Five Years After Surgery, Face Transplant Recipients Experience Significant Improvements

Five Years After Surgery, Face Transplant Recipients Experience Significant Improvements

A five-year follow-up of six face transplant patients has found significant improvements in their sensory and motor functions, along with reported improvements to their quality of life.

Much progress has been made since the first partial face transplant was performed at a French hospital in 2005. This cutting-edge procedure offers a much-needed option for individuals with severe facial disfigurements, typically the result of traumatic injuries. The operation involves the transfer of facial structures from a recently deceased human donor to a patient in need.

Crucially, these surgeries offer more than just a cosmetic fix — they’re integral to improving a patient’s physical health and psychological well-being.

The Plastic Surgery Transplantation program at Brigham and Women’s Hospital in Boston is a world leader in this area, having completed six face transplants — four full and two partial — within the last five years. These six individuals represent the largest sample of patients to have undergone the procedure in the United States.

A five-year followup to assess their progress and flag any ongoing issues was published earlier this week in the New England Journal of Medicine.

“We are moving beyond the point of asking whether a patient in need will survive receiving a face transplant — we have seen that we can do this safely,” said Bo Pomahac, a co-author of the paper and the principal investigator for the program at Brigham and Women’s Hospital, in a release from the medical centre.

“We are now asking — can we quantify how much our patients benefit, and what challenges do we need to work on?”

As the followup showed, the procedure is working about as well as can be expected given its nascent state of development.

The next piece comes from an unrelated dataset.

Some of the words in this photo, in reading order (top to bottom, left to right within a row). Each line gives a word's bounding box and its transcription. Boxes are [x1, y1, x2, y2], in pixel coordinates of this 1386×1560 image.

Facial motor function “improved both during and after the first year after transplantation,” noted the authors in the report. The patients attained, on average, about 60 per cent of their maximum motor function by the five-year point.

The team also observed “significant improvement” in their patients’ ability to discern hot from cold and to sense pressure within the first year following their transplant.

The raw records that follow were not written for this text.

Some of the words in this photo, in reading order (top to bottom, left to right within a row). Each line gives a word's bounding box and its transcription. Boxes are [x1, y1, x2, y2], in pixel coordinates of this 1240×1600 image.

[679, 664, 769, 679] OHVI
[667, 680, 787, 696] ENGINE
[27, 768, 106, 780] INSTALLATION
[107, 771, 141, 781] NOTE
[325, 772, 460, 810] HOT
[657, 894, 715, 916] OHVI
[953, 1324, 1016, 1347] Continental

“In our previous studies, we reported that patients can speak better, eat better, breathe better. These aspects are important as well,” said Pomahac.

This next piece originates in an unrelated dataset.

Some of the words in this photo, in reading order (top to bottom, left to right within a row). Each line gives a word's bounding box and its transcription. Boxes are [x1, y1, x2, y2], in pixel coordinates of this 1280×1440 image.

“Here, we report that the return of motor function is in line with what you would see if you reconnected a severed nerve, and that sensory function appears to improve to near normal. Face transplants have given these patients enough functionality to be able to socially reintegrate in a way that would not have been possible before.”

Importantly, the “patients’ self-reported quality of life,” the author wrote, “trended toward improvement.” There was also a “trending decrease” seen in standard measures of depression, “indicating lower risk of a clinical depression episode”.

That said, the patients still face a tremendous burden in terms of the medications required to keep rejection at bay. Facial transplants “require the patient to make a lifetime commitment to taking medications that suppress the body’s immune system,” according to a Brighman Hospital information page.

Unfortunately, rejection bouts were common, with each patient having to endure between two and seven serious episodes.

The immunosuppressants used to prevent rejection can often lead to undesirable side-effects, but the good news is that these six patients did not experience new cases of diabetes, hypertension or blood disorders, except one patient who was diagnosed with hypertension two-and-a-half years after the surgery.

“It is important to realise how young the field of face transplantation really is,” said co-senior author Leonardo Riella in the release.

“While we had used knowledge gained from other solid organ transplants, the face transplant is a complex structure that includes one of the most immunologically challenging tissues of all: The skin. While we have witnessed great success so far, the challenges to minimise immunosuppression toxicity and reduce rejection rates continue.”

So all-in-all, a very encouraging five-year report. There’s still plenty of room for improvement, but this pioneering procedure is quickly maturing into a safe, effective and viable option.